-- Opening Marker --

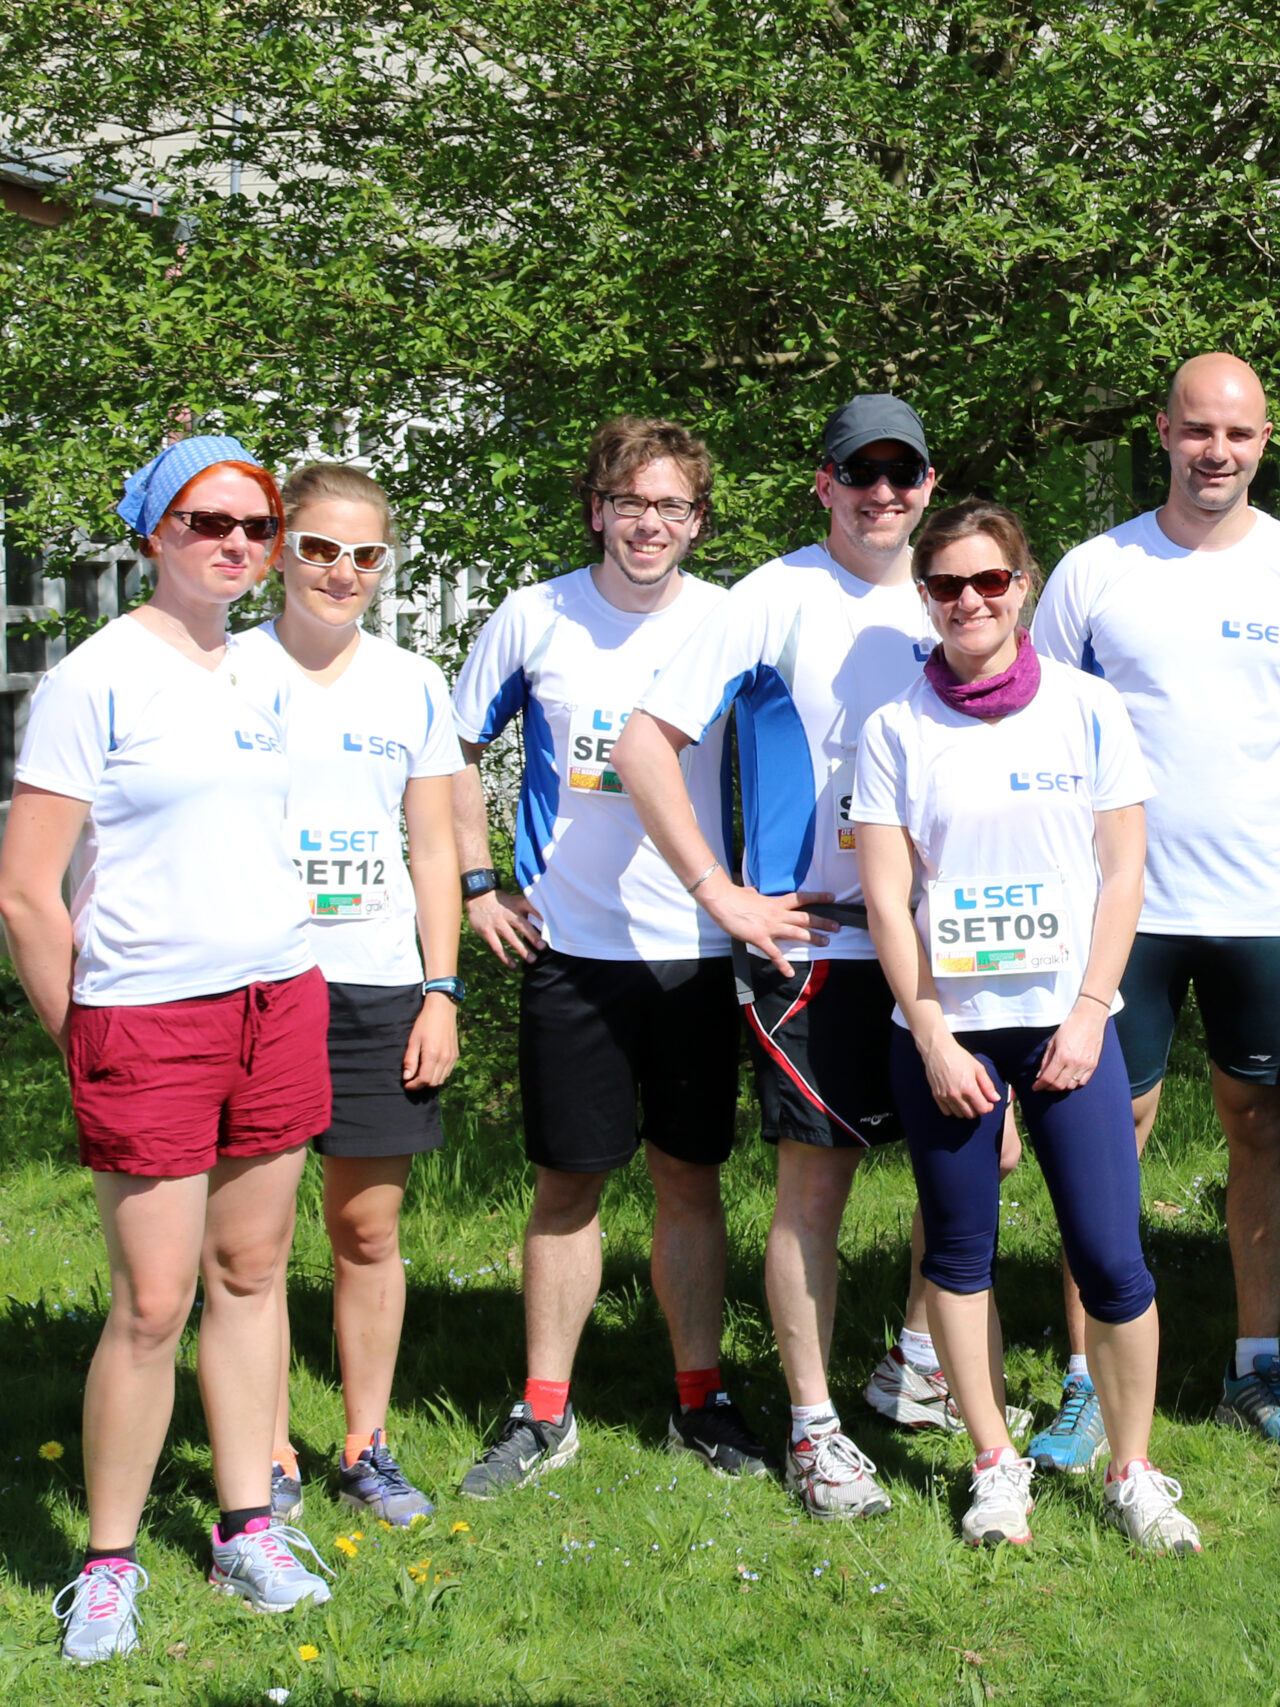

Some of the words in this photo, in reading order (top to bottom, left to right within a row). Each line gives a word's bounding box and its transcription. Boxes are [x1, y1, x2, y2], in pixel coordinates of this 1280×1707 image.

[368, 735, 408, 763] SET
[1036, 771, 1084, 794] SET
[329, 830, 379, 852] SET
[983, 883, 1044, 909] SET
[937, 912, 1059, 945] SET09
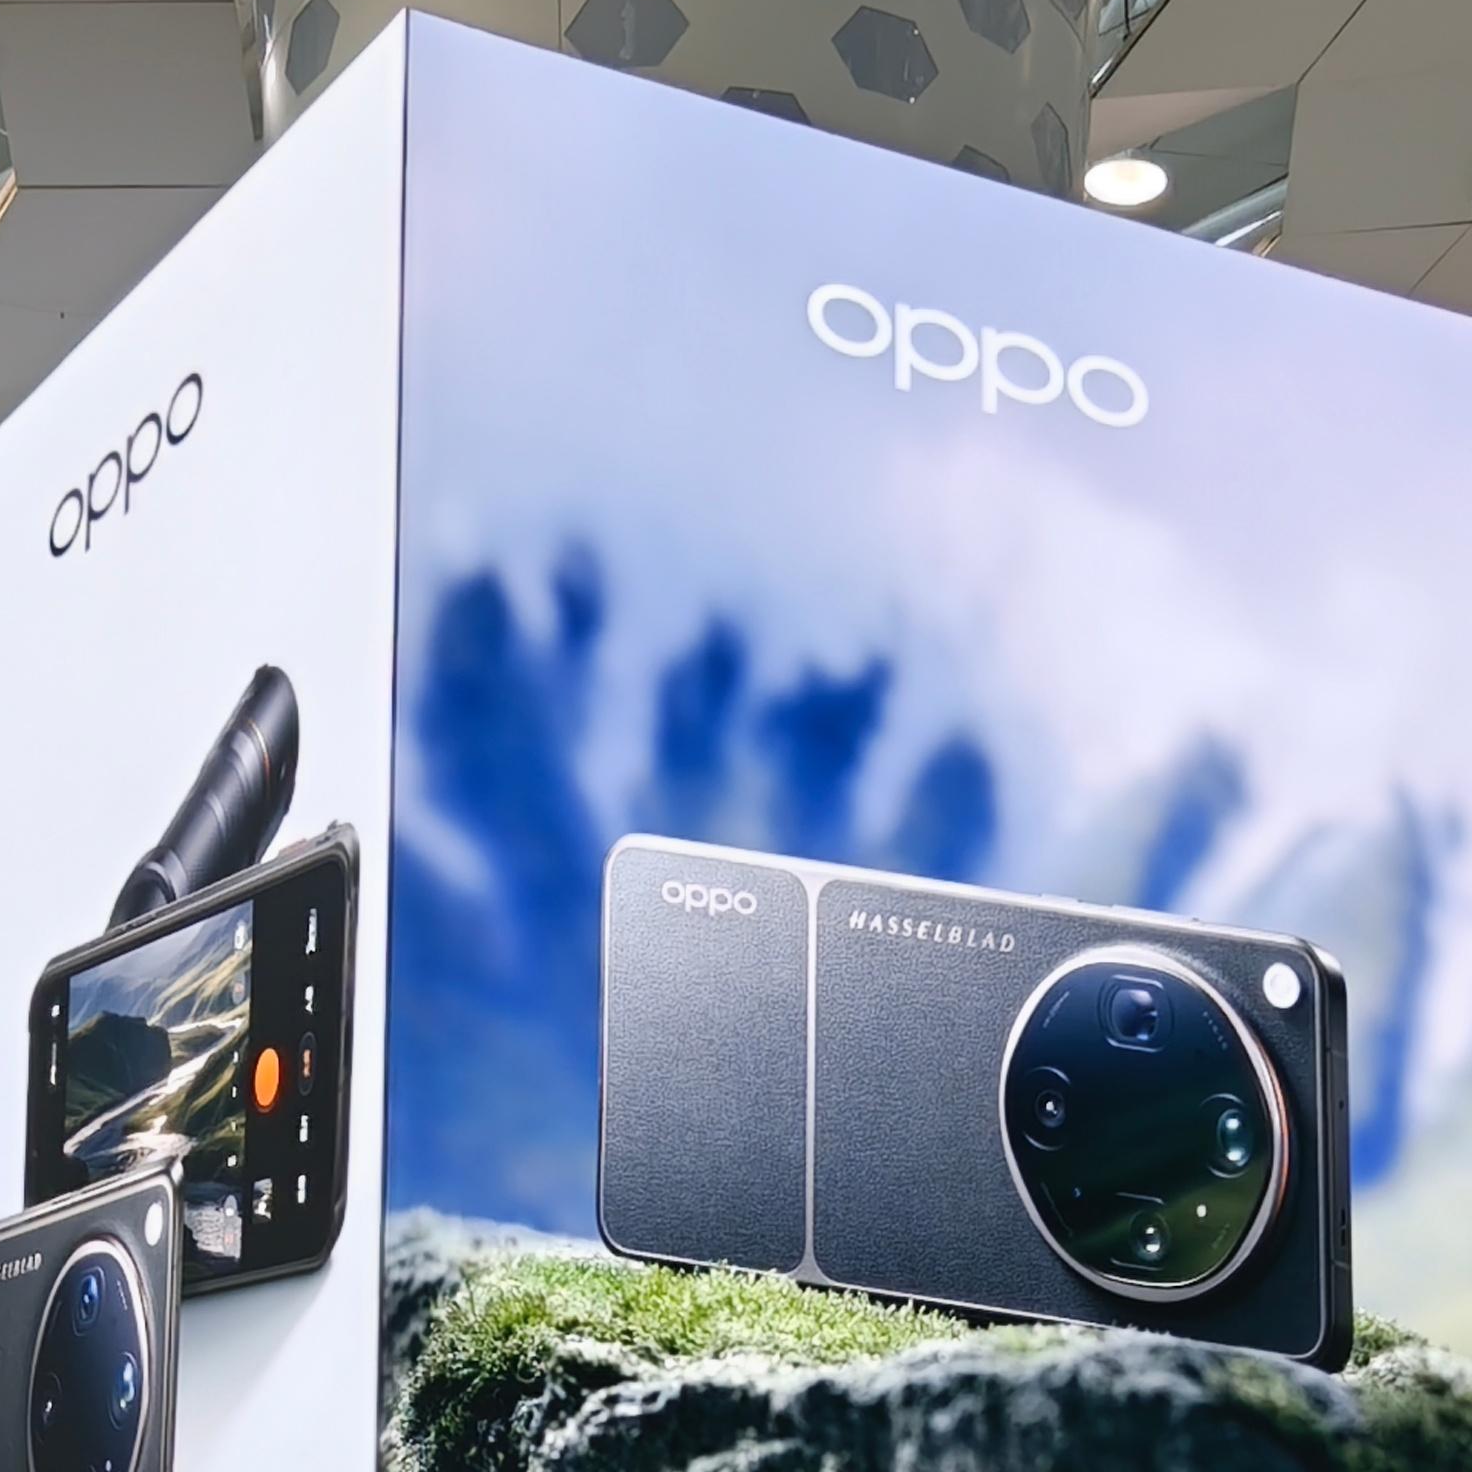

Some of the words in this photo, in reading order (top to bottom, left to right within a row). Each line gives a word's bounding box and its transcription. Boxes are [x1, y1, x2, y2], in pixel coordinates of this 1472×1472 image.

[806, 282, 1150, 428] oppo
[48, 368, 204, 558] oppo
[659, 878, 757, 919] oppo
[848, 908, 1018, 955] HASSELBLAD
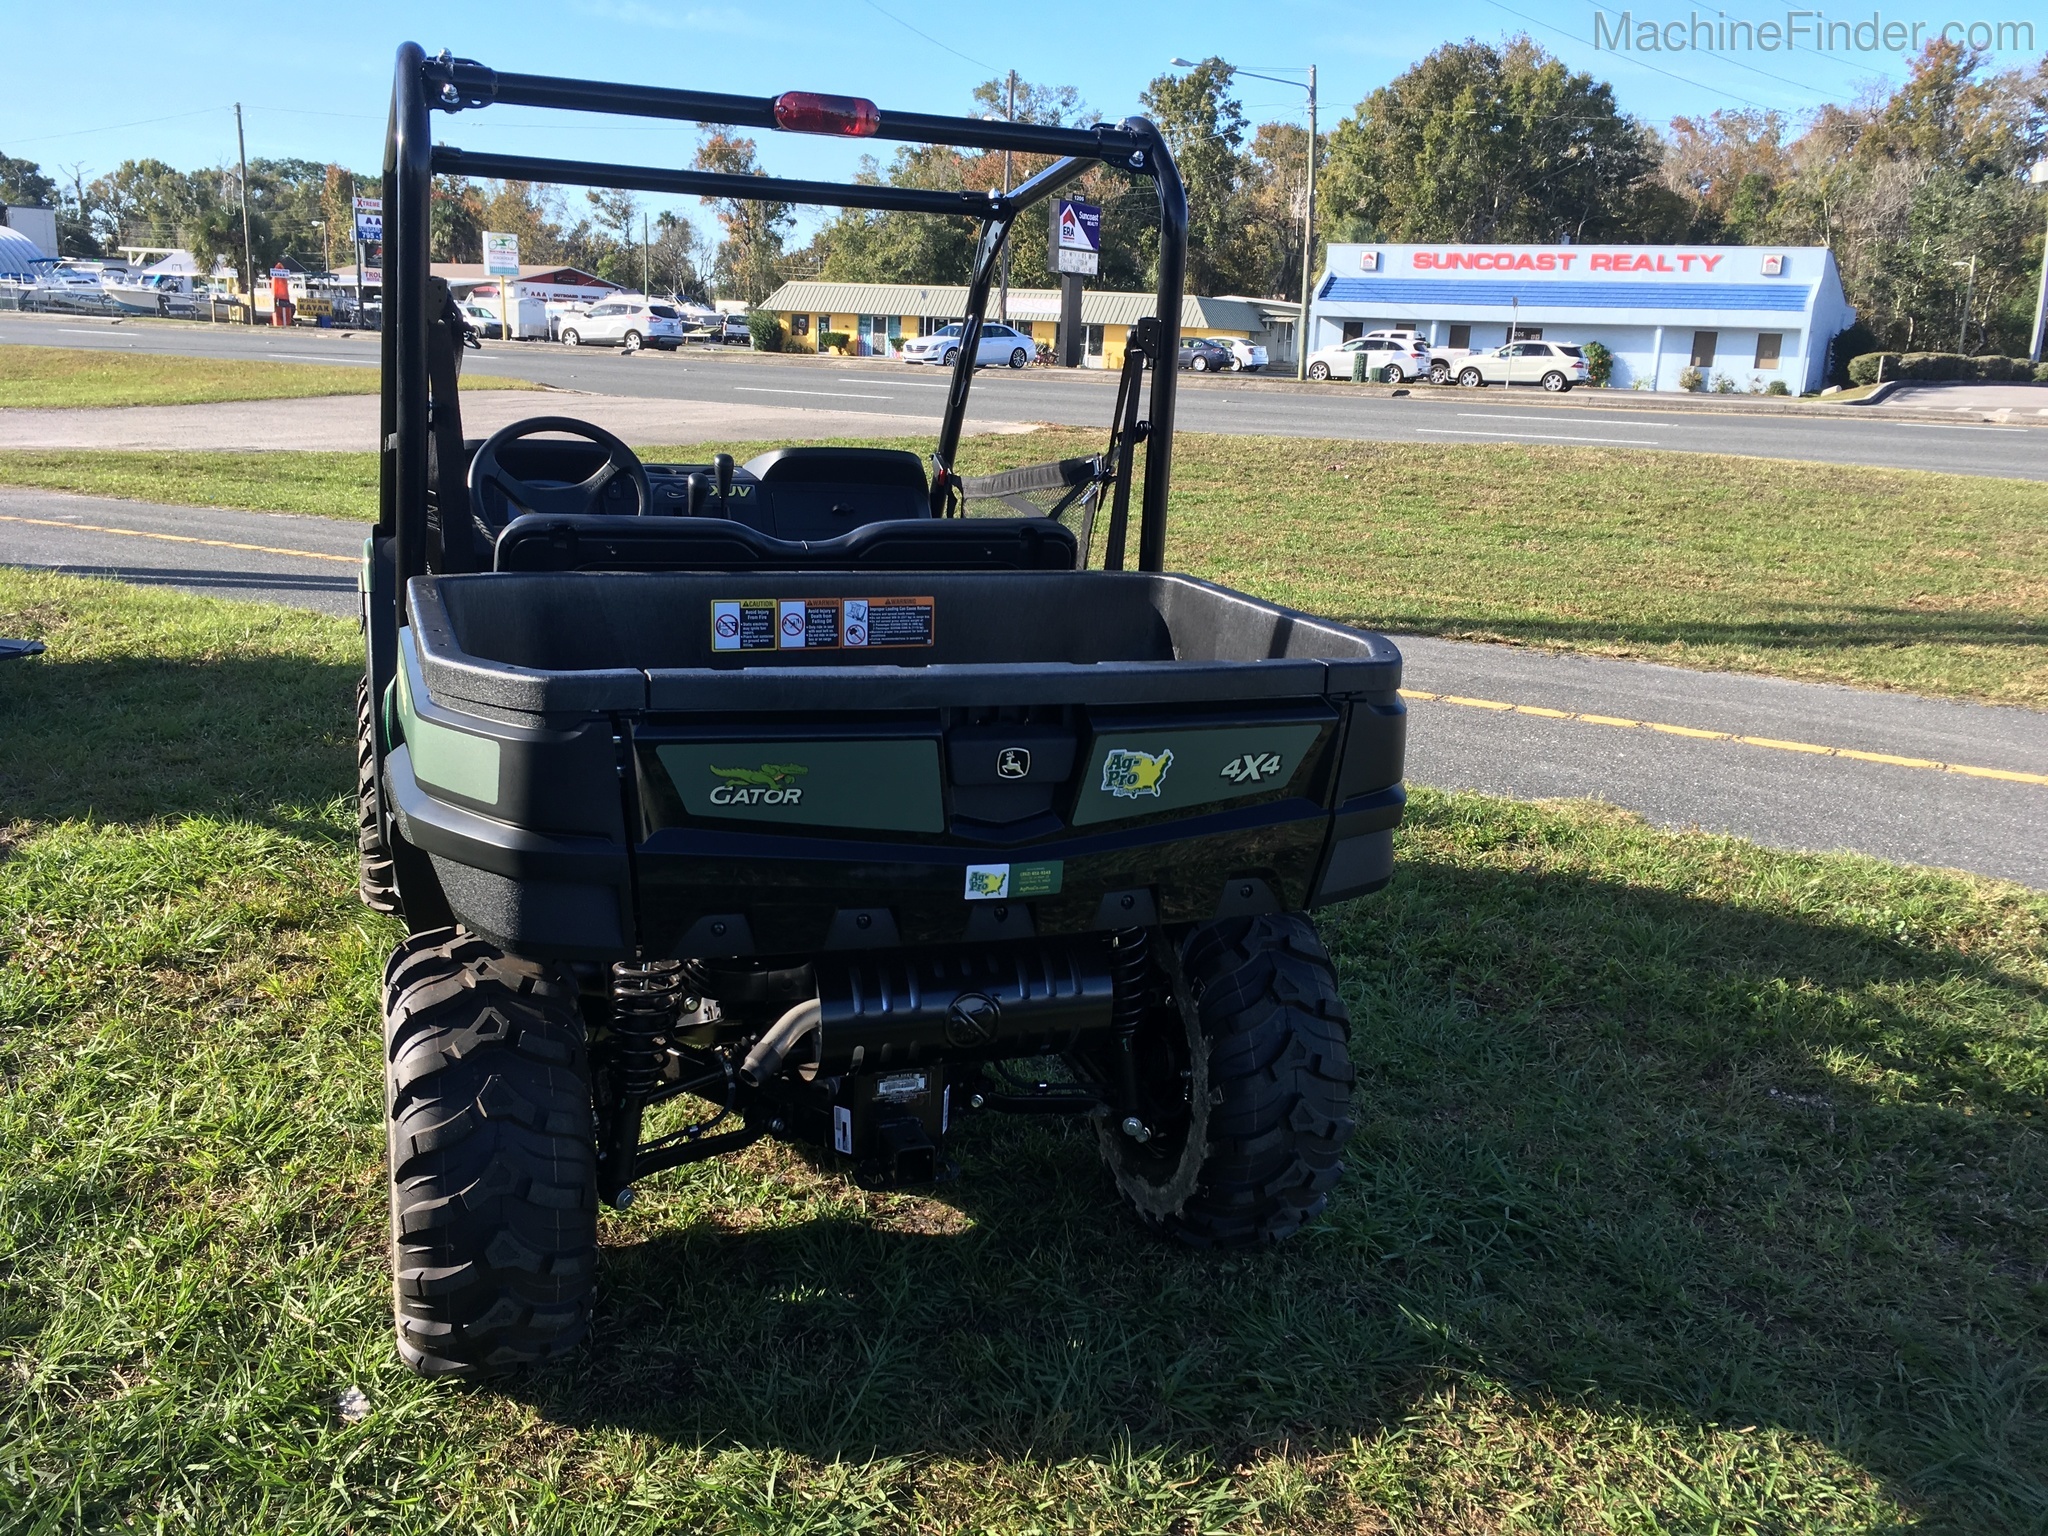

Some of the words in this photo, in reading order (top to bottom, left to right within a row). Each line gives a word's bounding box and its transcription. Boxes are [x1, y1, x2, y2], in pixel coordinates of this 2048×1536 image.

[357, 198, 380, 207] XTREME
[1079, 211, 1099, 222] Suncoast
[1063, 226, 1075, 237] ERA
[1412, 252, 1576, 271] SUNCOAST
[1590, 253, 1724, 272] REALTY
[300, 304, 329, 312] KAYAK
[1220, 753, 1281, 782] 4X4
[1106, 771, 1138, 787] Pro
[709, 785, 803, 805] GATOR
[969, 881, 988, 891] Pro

-- Closing Marker --

• [ACTION ITEM]
Starting at the line that contains "this 1472×1472 image.", write out exactly each line through the last one in the listing above, leaving out the pictures and adding nothing else.

• [ANSWER FOR THE TASK]
Some of the words in this photo, in reading order (top to bottom, left to right within a row). Each line gives a word's bounding box and its transcription. Boxes are [x1, y1, x2, y2], in pixel coordinates of this 1472×1472 image.

[806, 282, 1150, 428] oppo
[48, 368, 204, 558] oppo
[659, 878, 757, 919] oppo
[848, 908, 1018, 955] HASSELBLAD

Some of the words in this photo, in reading order (top to bottom, left to right within a row). Each line gives a word's bounding box and its transcription. Boxes are [x1, y1, x2, y2], in pixel coordinates of this 2048×1536 image.

[357, 198, 380, 207] XTREME
[1079, 211, 1099, 222] Suncoast
[1063, 226, 1075, 237] ERA
[1412, 252, 1576, 271] SUNCOAST
[1590, 253, 1724, 272] REALTY
[300, 304, 329, 312] KAYAK
[1220, 753, 1281, 782] 4X4
[1106, 771, 1138, 787] Pro
[709, 785, 803, 805] GATOR
[969, 881, 988, 891] Pro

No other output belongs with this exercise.